▸ TO DO:
Beginning with the first line below, output every record verbatim and leave out the images.

(EXERCISE MATERIALS Opens)

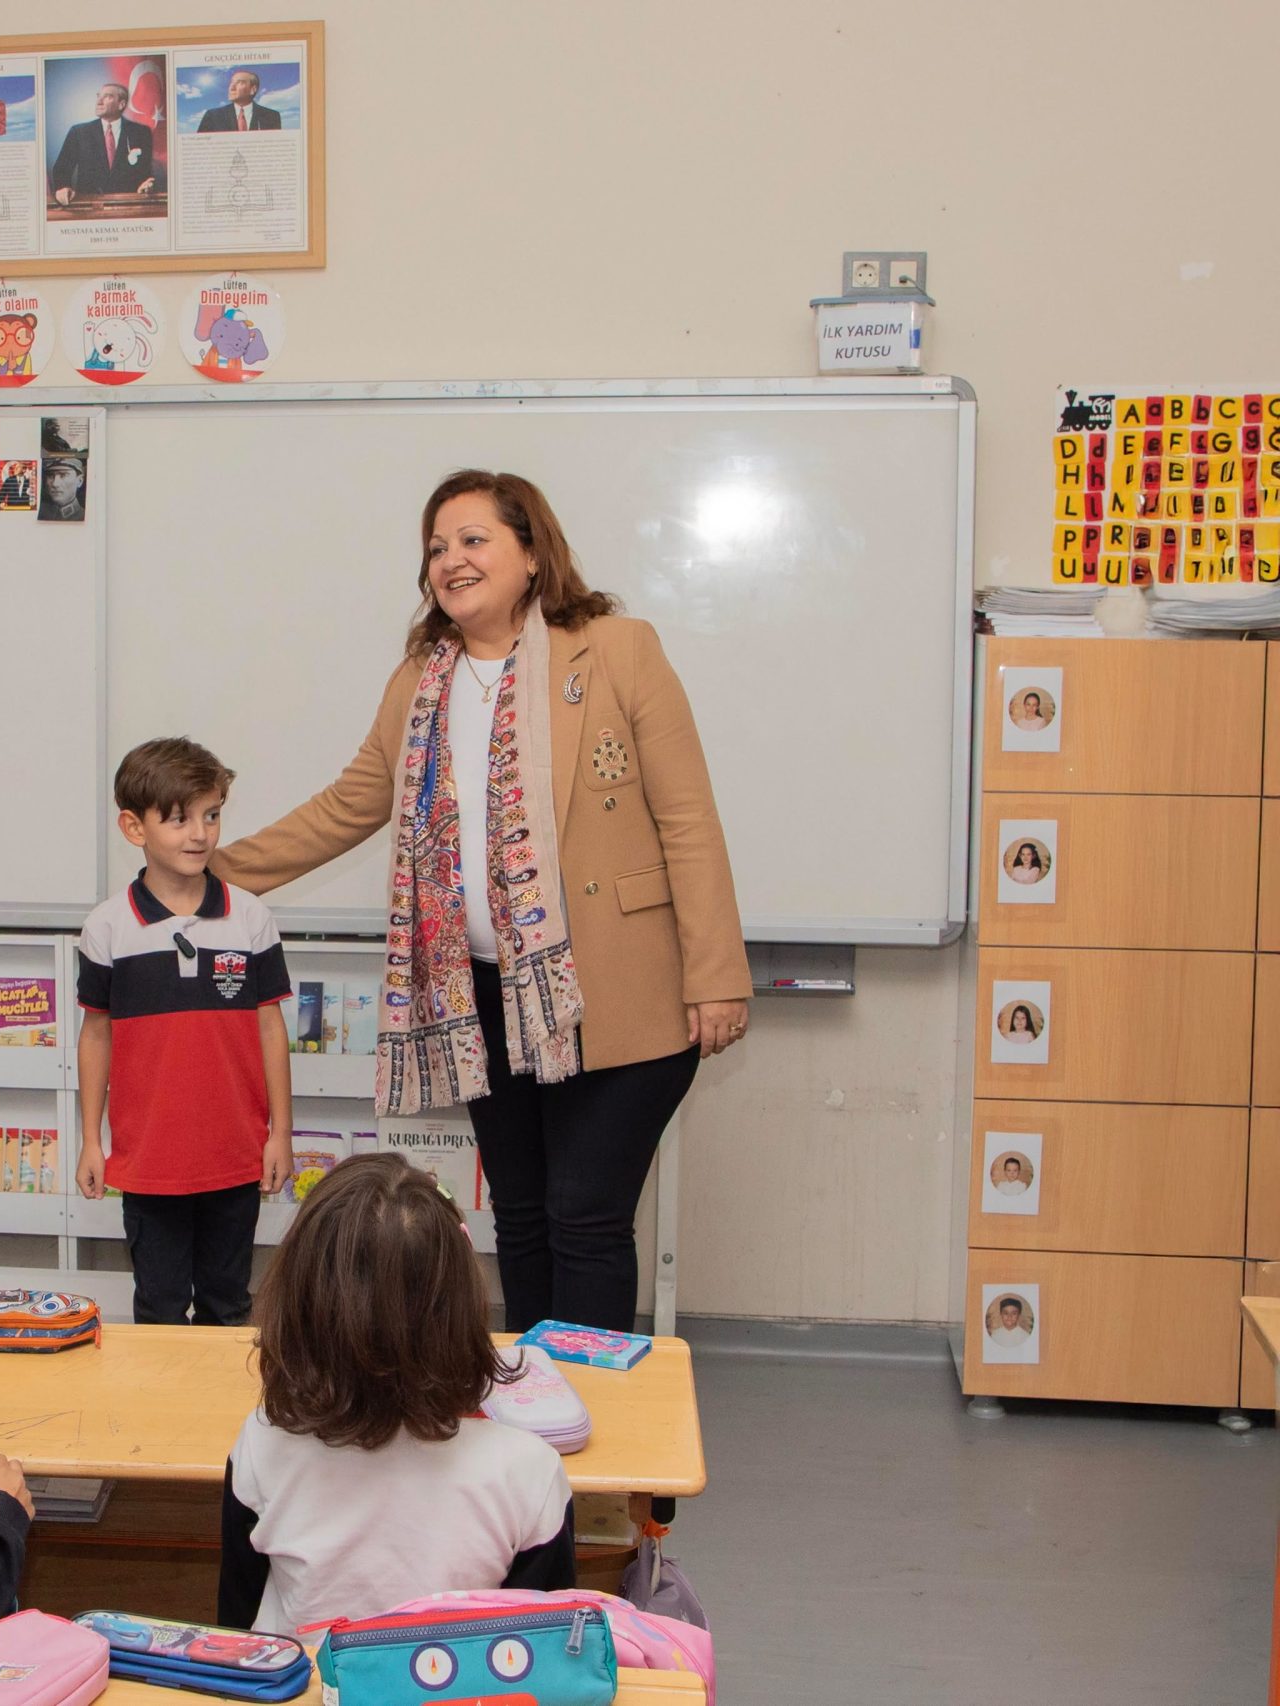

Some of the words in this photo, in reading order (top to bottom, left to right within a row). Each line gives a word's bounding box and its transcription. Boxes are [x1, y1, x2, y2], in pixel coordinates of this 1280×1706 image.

[103, 281, 126, 291] Lütfen
[222, 280, 247, 291] Lütfen
[5, 298, 38, 312] olalım
[94, 290, 136, 304] Parmak
[200, 290, 269, 307] Dinleyelim
[823, 324, 843, 339] İLK
[847, 323, 903, 337] YARDIM
[835, 346, 891, 359] KUTUSU
[1123, 404, 1140, 423] A
[1148, 403, 1161, 416] a
[1171, 399, 1183, 420] B
[1196, 399, 1209, 420] b
[1219, 399, 1237, 419] C
[1247, 401, 1260, 416] c
[1060, 438, 1076, 458] D
[1092, 438, 1104, 458] d
[1123, 436, 1135, 455] E
[1170, 433, 1183, 449] F
[1212, 432, 1232, 453] G
[1245, 429, 1260, 450] g
[1062, 465, 1080, 485] H
[1091, 465, 1104, 487] h
[1065, 496, 1078, 516] L
[1111, 525, 1123, 545] R
[1060, 559, 1076, 578] U
[1083, 561, 1095, 576] u
[388, 1131, 441, 1148] KURBAĞA
[443, 1134, 476, 1149] PREN
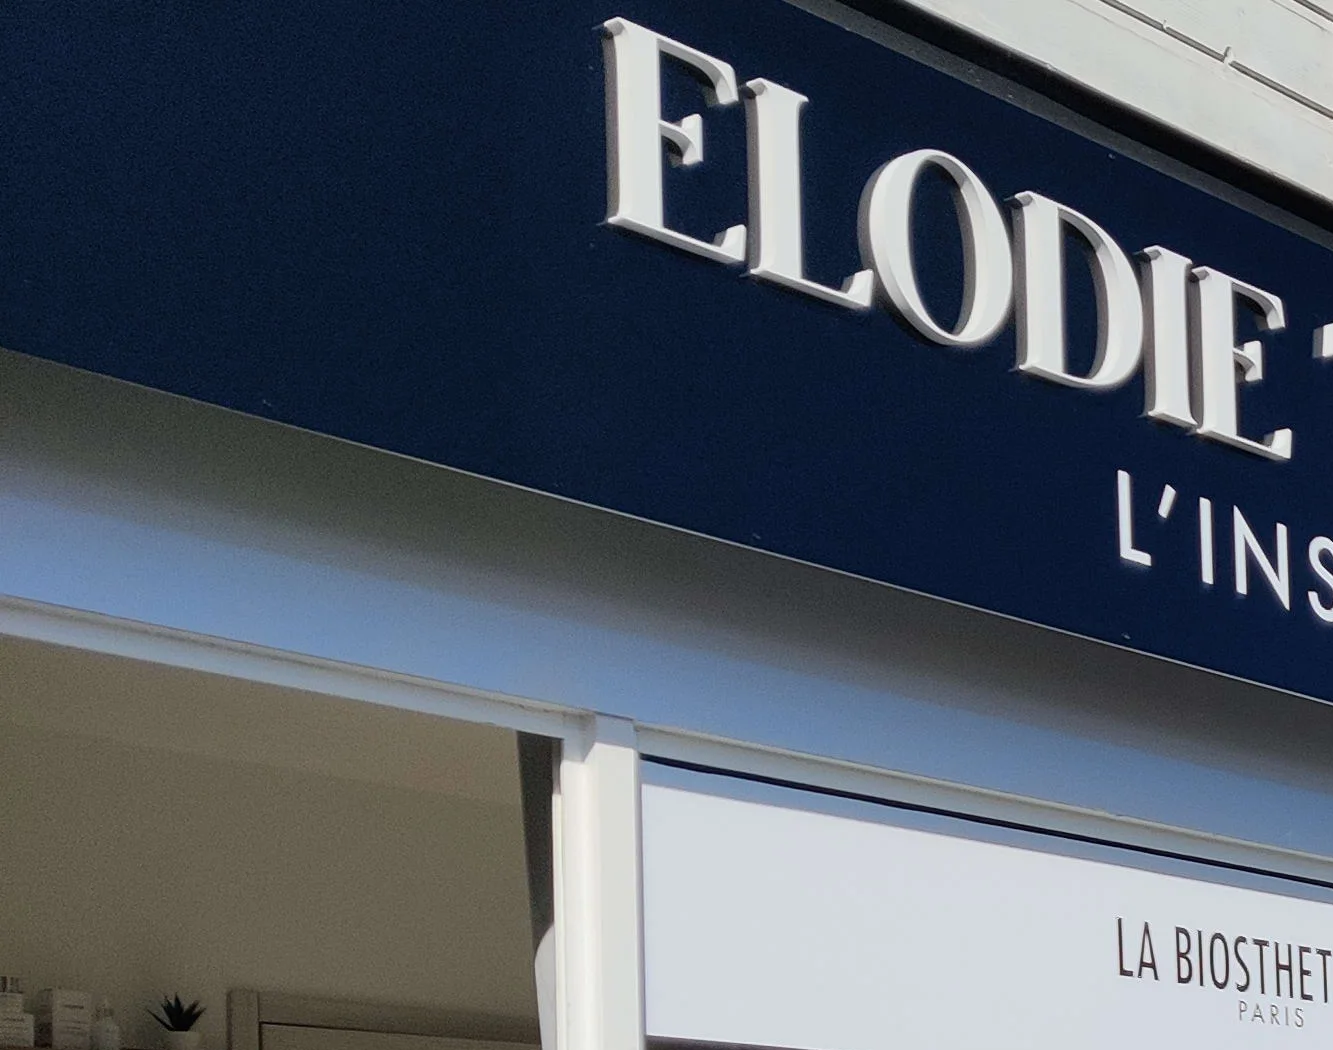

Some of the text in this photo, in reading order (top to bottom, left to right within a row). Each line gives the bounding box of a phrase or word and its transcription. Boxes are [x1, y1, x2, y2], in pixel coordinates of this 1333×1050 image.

[602, 17, 1292, 460] ELODIE
[1116, 917, 1159, 981] LA
[1239, 1000, 1305, 1028] PARIS
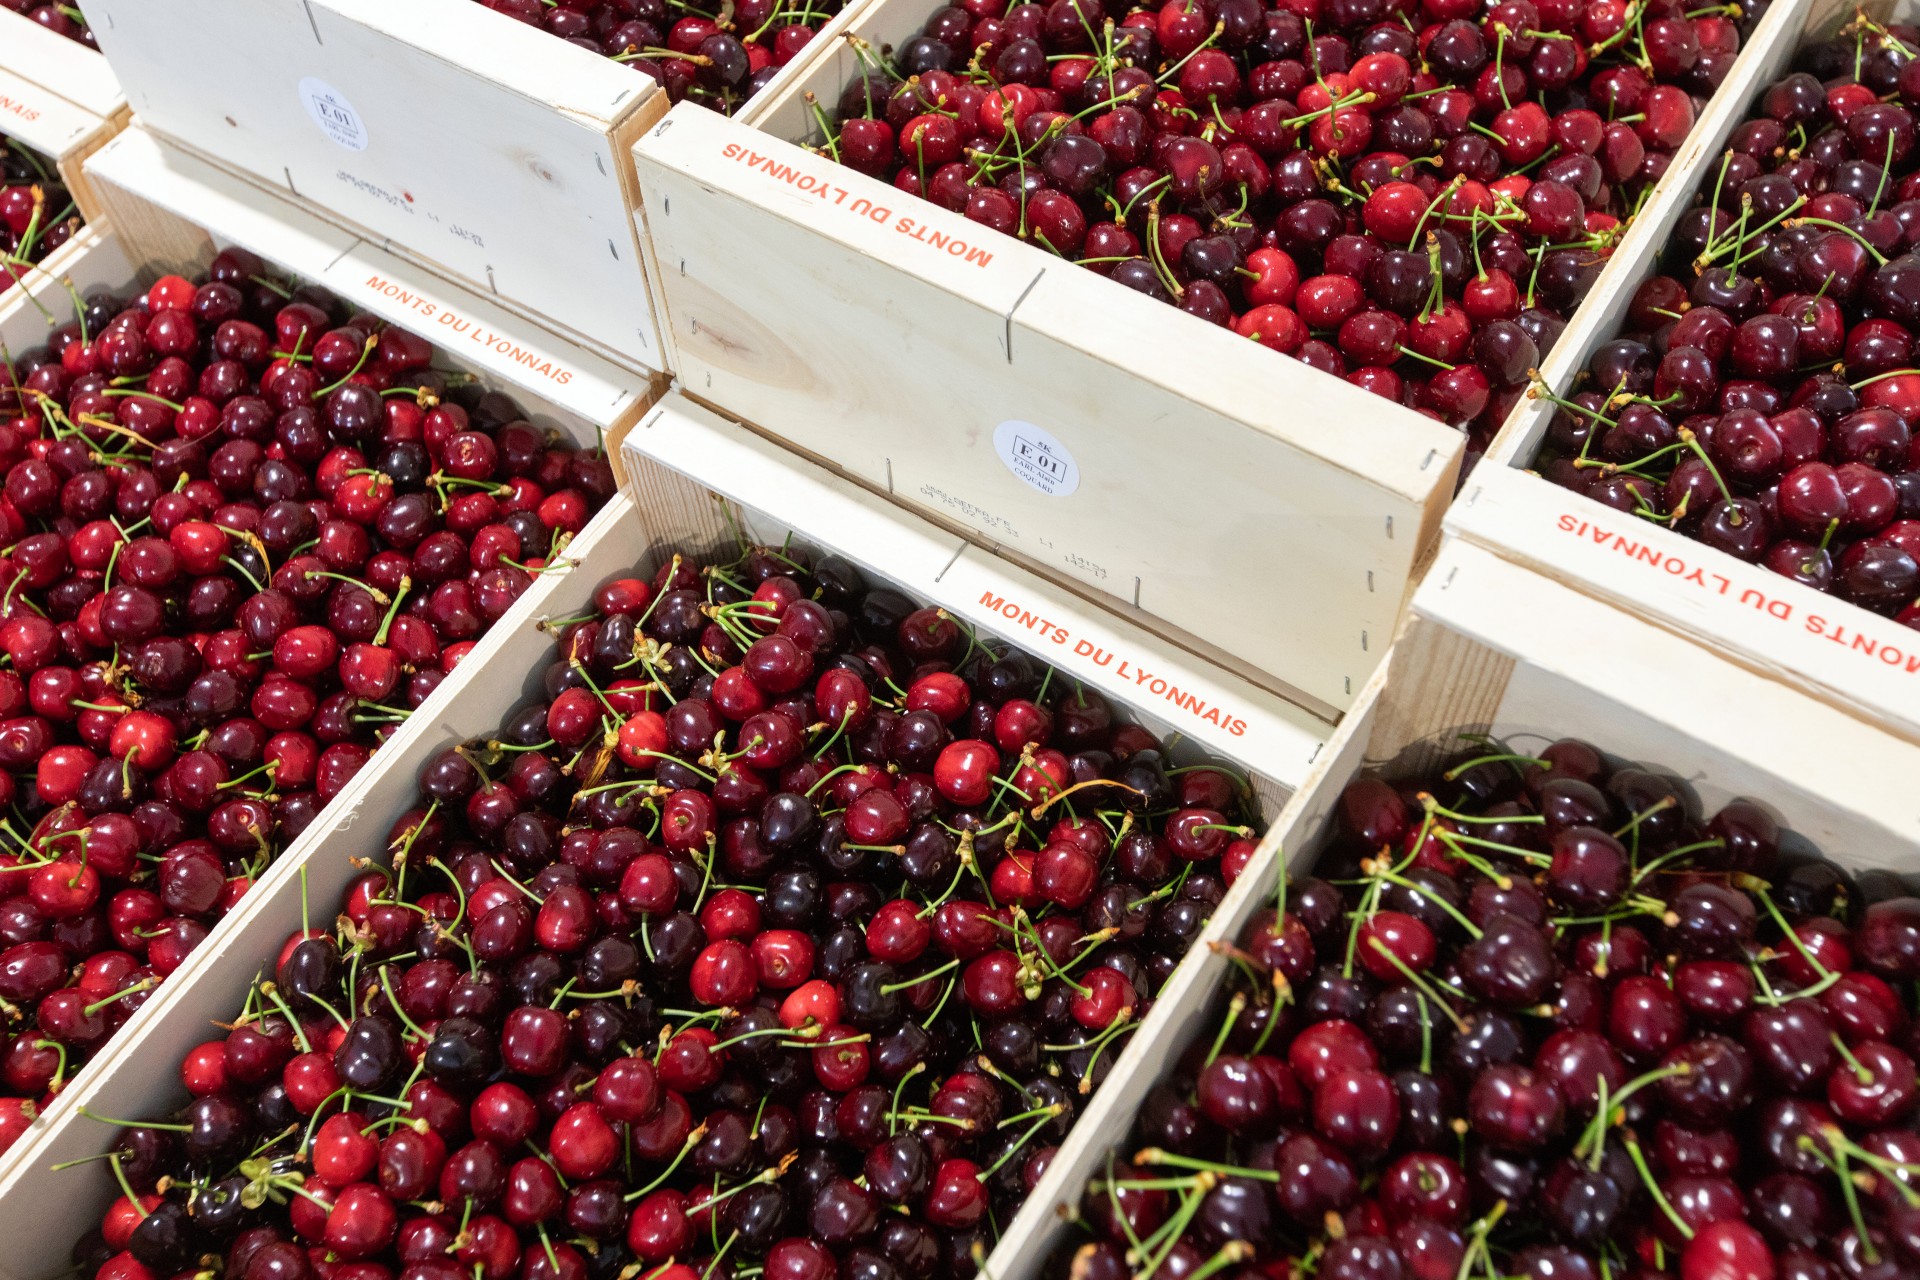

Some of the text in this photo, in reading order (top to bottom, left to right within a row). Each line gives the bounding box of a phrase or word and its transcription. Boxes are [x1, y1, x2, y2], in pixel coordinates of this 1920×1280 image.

(EXERCISE MATERIALS Closes)

▸ YOUR SOLUTION:
Some of the words in this photo, in reading order (top to bottom, left to right within a row). Each line gives a word's bounding box and its transcription. Boxes are [x1, y1, x2, y2], in pixel coordinates of this 1280×1706 image.

[103, 281, 126, 291] Lütfen
[222, 280, 247, 291] Lütfen
[5, 298, 38, 312] olalım
[94, 290, 136, 304] Parmak
[200, 290, 269, 307] Dinleyelim
[823, 324, 843, 339] İLK
[847, 323, 903, 337] YARDIM
[835, 346, 891, 359] KUTUSU
[1123, 404, 1140, 423] A
[1148, 403, 1161, 416] a
[1171, 399, 1183, 420] B
[1196, 399, 1209, 420] b
[1219, 399, 1237, 419] C
[1247, 401, 1260, 416] c
[1060, 438, 1076, 458] D
[1092, 438, 1104, 458] d
[1123, 436, 1135, 455] E
[1170, 433, 1183, 449] F
[1212, 432, 1232, 453] G
[1245, 429, 1260, 450] g
[1062, 465, 1080, 485] H
[1091, 465, 1104, 487] h
[1065, 496, 1078, 516] L
[1111, 525, 1123, 545] R
[1060, 559, 1076, 578] U
[1083, 561, 1095, 576] u
[388, 1131, 441, 1148] KURBAĞA
[443, 1134, 476, 1149] PREN

Some of the text in this photo, in reading order (top to bottom, left to right within a row). Each line gives the bounding box of a phrase or word and its transcription. Boxes are [x1, y1, x2, y2], in pixel coordinates of this 1333×1050 image.

[602, 17, 1292, 460] ELODIE
[1116, 917, 1159, 981] LA
[1239, 1000, 1305, 1028] PARIS

Some of the text in this photo, in reading order (top to bottom, left to right within a row). Each line gives the bounding box of a phrase or word and its transcription. Boxes are [x1, y1, x2, y2], in pixel coordinates of this 1920×1280 image.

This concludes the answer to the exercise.